In fact, Shopify’s own terms of service contain the standard declaration that the company reserves the right to “refuse service to anyone for any reason at any time,” and that it also can “modify or terminate the Service for any reason, without notice at any time.” These are the same types of standard legal causes that allow advertisers to terminate arrangements with publications they deem out-of-sync with their brand values.

Lütke also uses the ‘slippery slope’ argument to contend that any decision to remove a merchant based on a moral code is a stepping stone to a situation in which the company can no longer claim to operate on a principle of democratic access to commerce for all, resulting in a “biased and diminished platform.” Again, this is an overreach because the slippery slope argument basically can never hold up to real world use, and private entities and platforms with public reach are always drawing and redrawing the line of what’s acceptable based on factors including corporate values, public response and user reaction.

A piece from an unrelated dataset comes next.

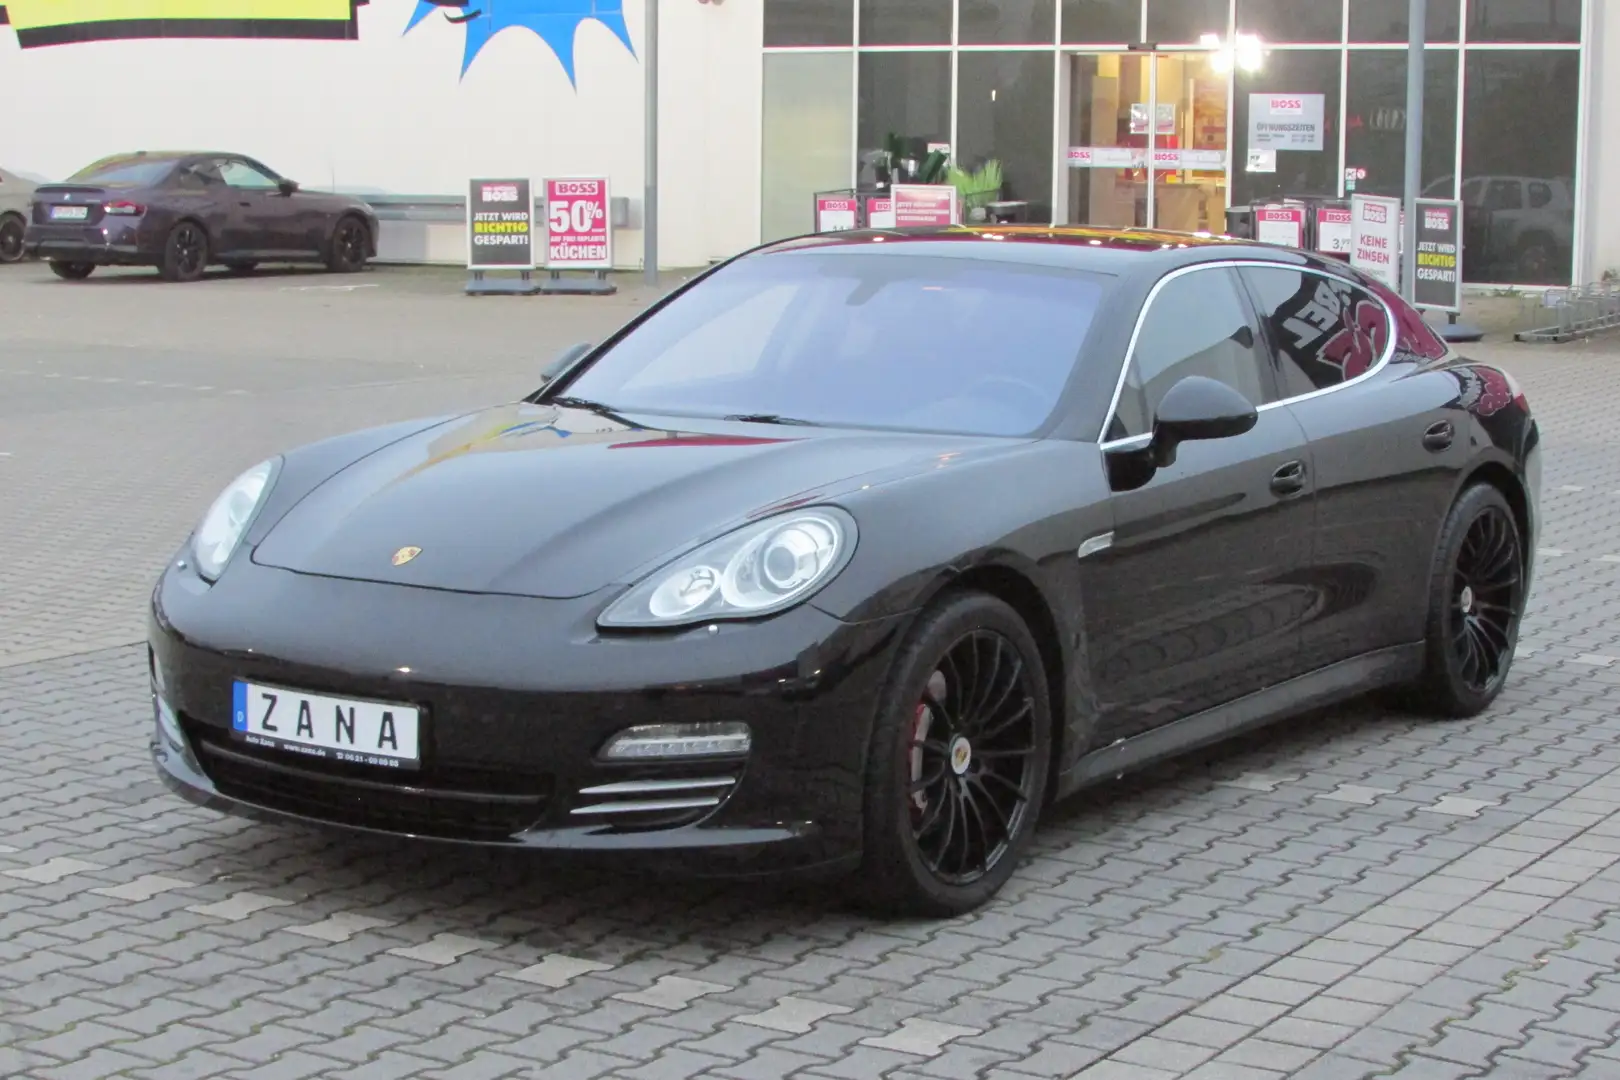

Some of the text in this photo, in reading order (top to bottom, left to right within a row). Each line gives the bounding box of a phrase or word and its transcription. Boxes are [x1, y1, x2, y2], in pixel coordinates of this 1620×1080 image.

Perhaps most disconcerting, Lütke uses the American Civil Liberties Union (ACLU) as an example of why Shopify takes this position – he quotes the organization on their own defense of the free speech rights of “communists, Nazis, Ku Klux Klan members, accused terrorists, pornographers, anti-LGBT activists, and flag burners” as justification for his company’s stance.

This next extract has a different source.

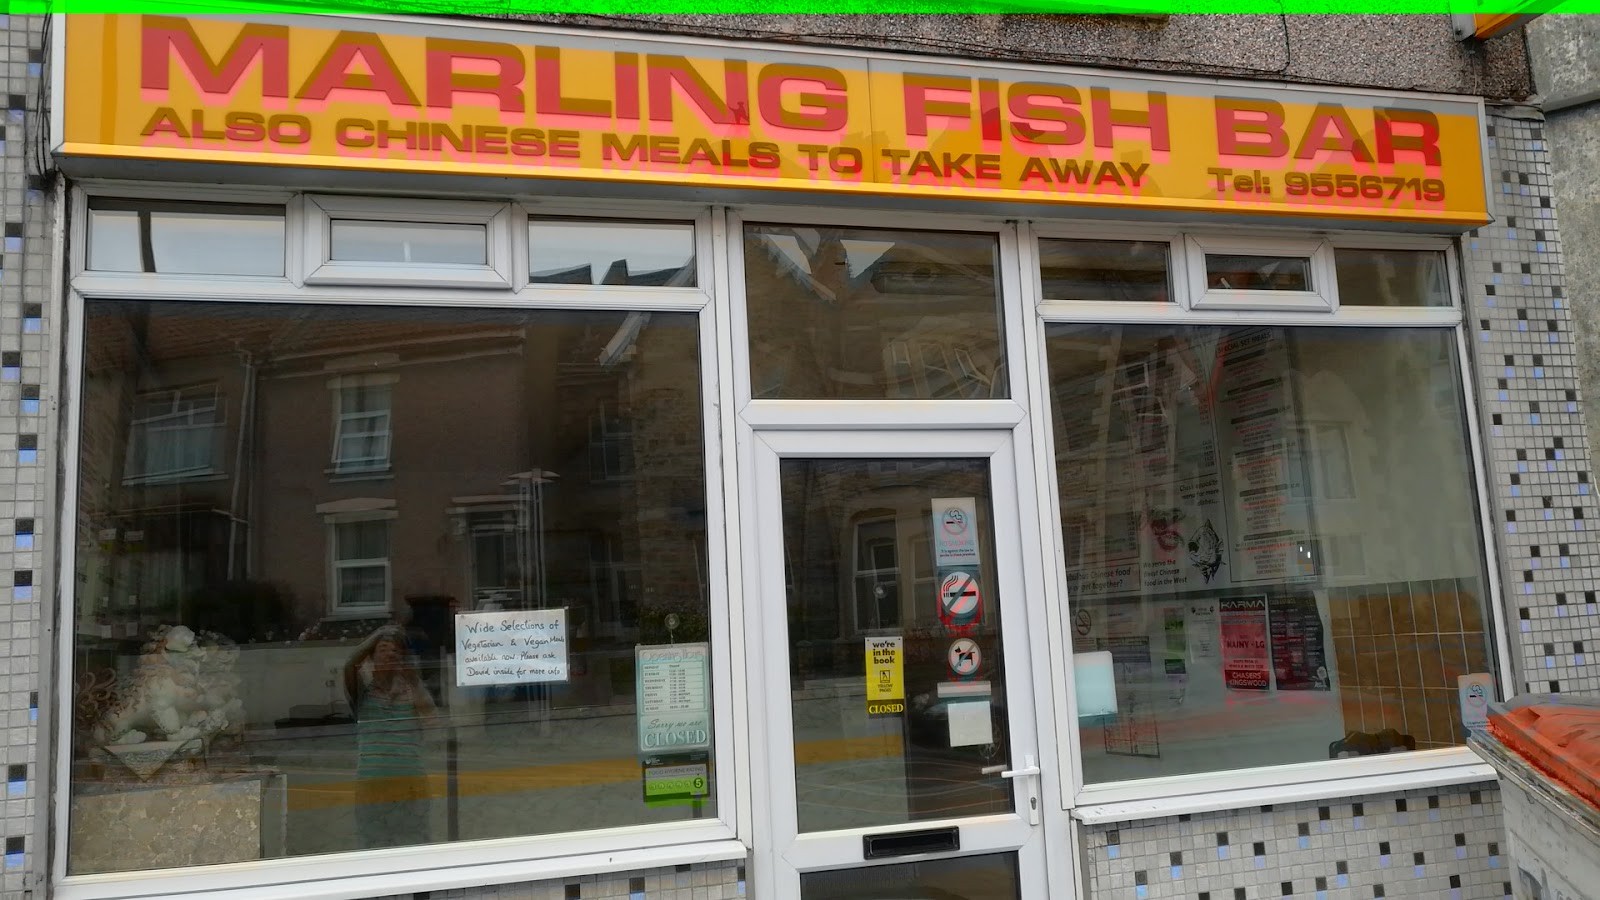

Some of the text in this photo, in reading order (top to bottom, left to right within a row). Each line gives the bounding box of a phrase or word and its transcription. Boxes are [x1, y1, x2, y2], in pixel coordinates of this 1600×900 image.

This is wrong: the ACLU defends the state-granted rights of members of those groups to express themselves – which has nothing to do with the ability of the same organizations to profit by their hate speech via commercial offerings. Everyone may have the right to say whatever they want – but luckily, private companies and private individuals have the right to minimize the impact of hateful speech by choosing what to amplify and who to do business with.

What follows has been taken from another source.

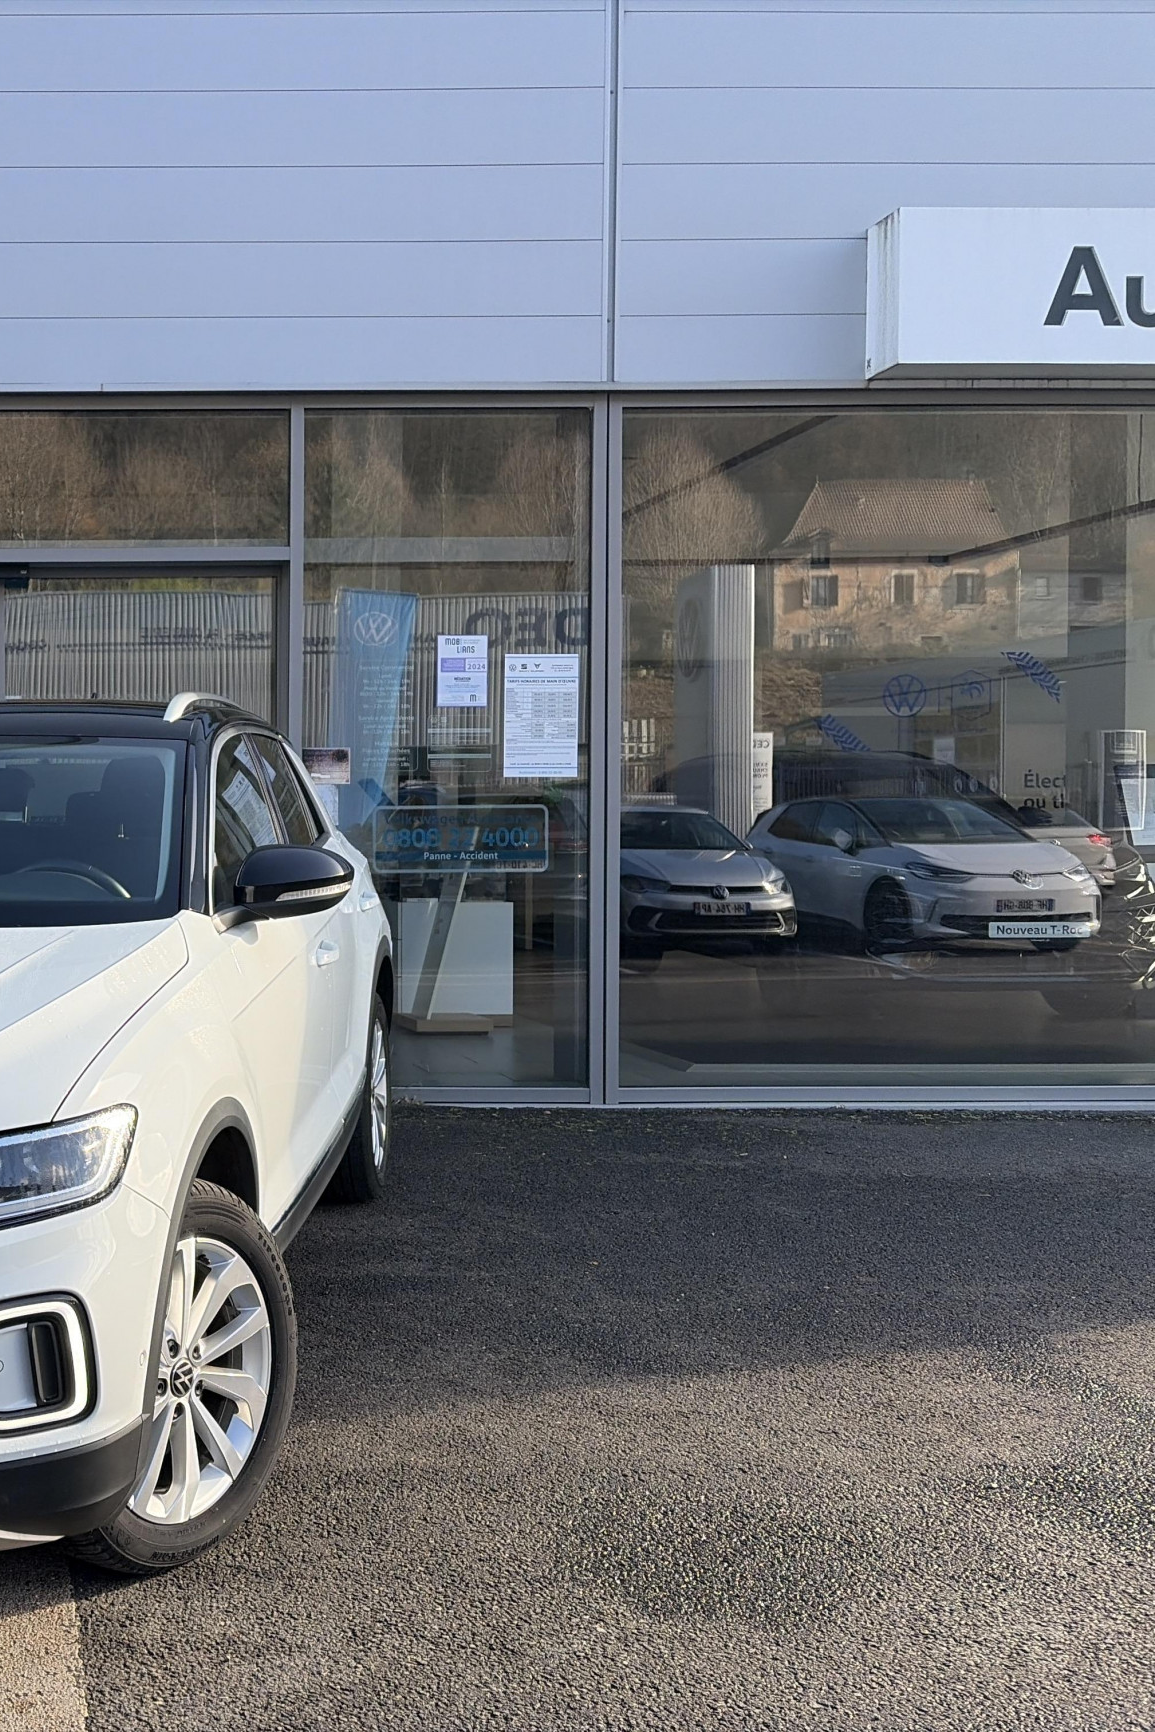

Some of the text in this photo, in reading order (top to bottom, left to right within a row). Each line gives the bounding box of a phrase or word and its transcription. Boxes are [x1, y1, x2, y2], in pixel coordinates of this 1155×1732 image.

Lütke’s mistake is placing Shopify on the wrong side of that equation – he believes his company occupies the same space as inalienable rights to free speech, privacy, pursuit of happiness and safety, but in fact the platform is a boon freely offered above and beyond those rights – and one just as easily rescinded.

On that same side reside individual users and customers, who can choose to do business with companies that reflect their values, or not. Just as Lütke is not bound to protect freedom of expression, but believes his company is doing so, users are not bound to continue supporting a platform that goes against their own beliefs, or that enables profit for a platform that attempts to violate the actual rights of other human beings through hate speech.

Already, Lütke has received a generally negative response on Twitter following the letter’s publication, and that will likely continue. I reached out to Shopify for comment, but it reiterated via a spokesperson that it “supports” free speech and is a “neutral platform.”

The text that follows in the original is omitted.